Aim of the task
The pictures do not go in the copy. Reproduce the rest of the entries exactly.

----------

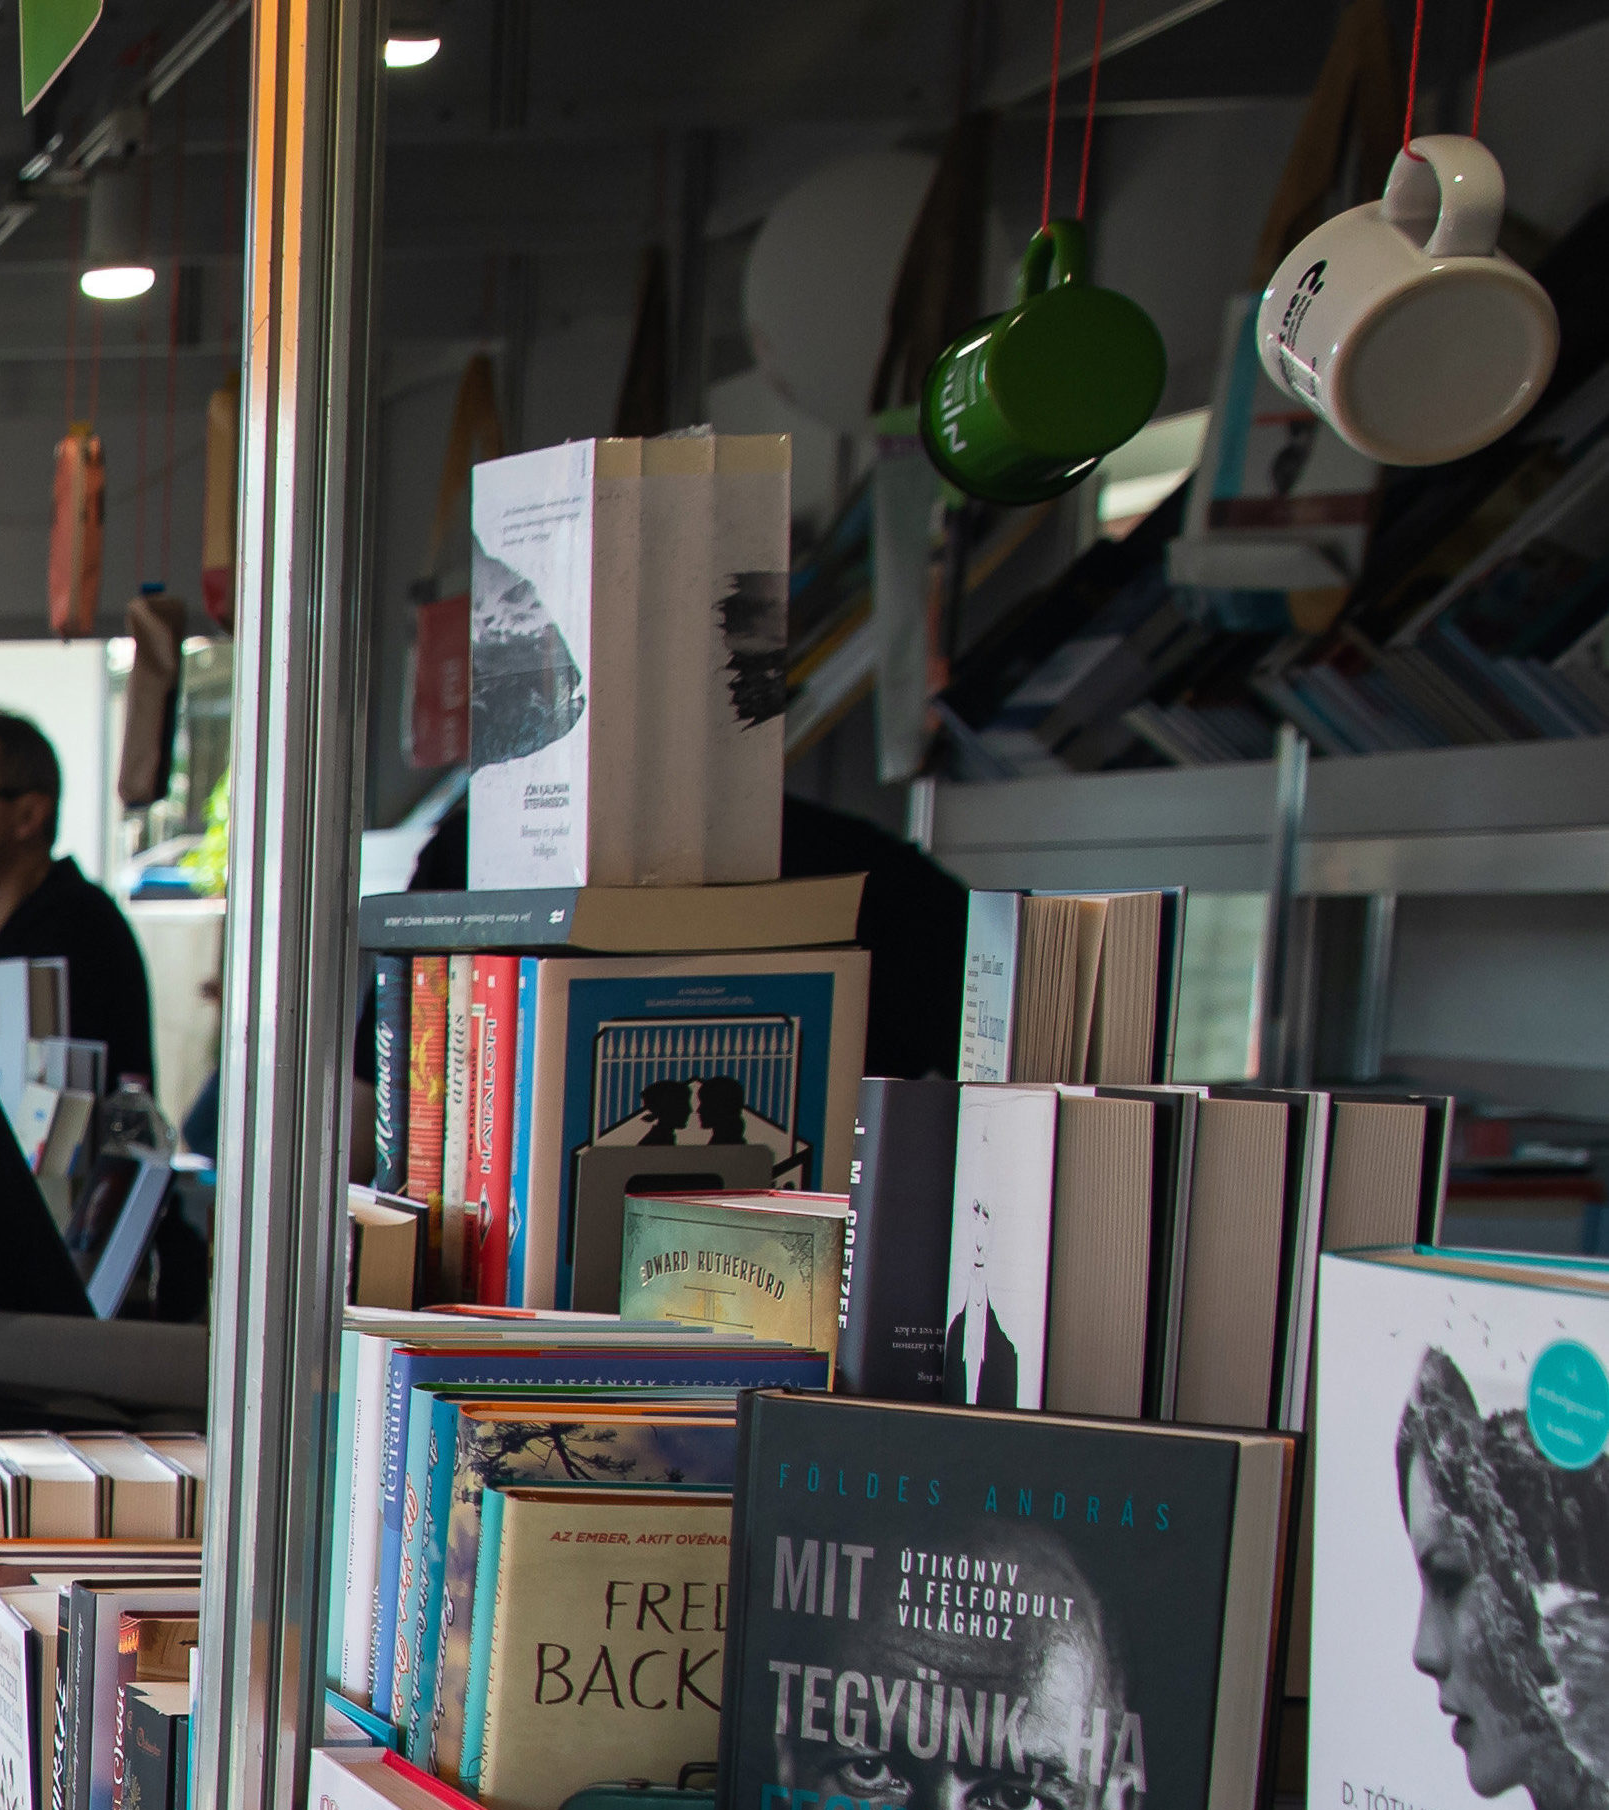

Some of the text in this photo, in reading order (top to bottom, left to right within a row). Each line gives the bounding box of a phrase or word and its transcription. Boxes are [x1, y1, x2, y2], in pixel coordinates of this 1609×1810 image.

[697, 1249, 785, 1302] RUTHERFURD
[778, 1462, 1171, 1531] FÖLDES ANDRÁS
[636, 1531, 672, 1546] AKIT
[772, 1535, 874, 1621] MIT
[899, 1547, 1021, 1588] ÚTIKÖNYV
[604, 1580, 729, 1634] FRED
[898, 1601, 1014, 1642] VILÁGHOZ
[899, 1577, 1075, 1622] A FELFORDULT
[533, 1641, 723, 1711] BACK
[1075, 1704, 1148, 1794] HA

----------

Task solution
Some of the text in this photo, in reading order (top to bottom, left to right within a row). Each line gives the bounding box of a phrase or word and its transcription. Boxes are [x1, y1, x2, y2], in pixel coordinates of this 1609×1810 image.

[697, 1249, 785, 1302] RUTHERFURD
[778, 1462, 1171, 1531] FÖLDES ANDRÁS
[636, 1531, 672, 1546] AKIT
[772, 1535, 874, 1621] MIT
[899, 1547, 1021, 1588] ÚTIKÖNYV
[604, 1580, 729, 1634] FRED
[898, 1601, 1014, 1642] VILÁGHOZ
[899, 1577, 1075, 1622] A FELFORDULT
[533, 1641, 723, 1711] BACK
[1075, 1704, 1148, 1794] HA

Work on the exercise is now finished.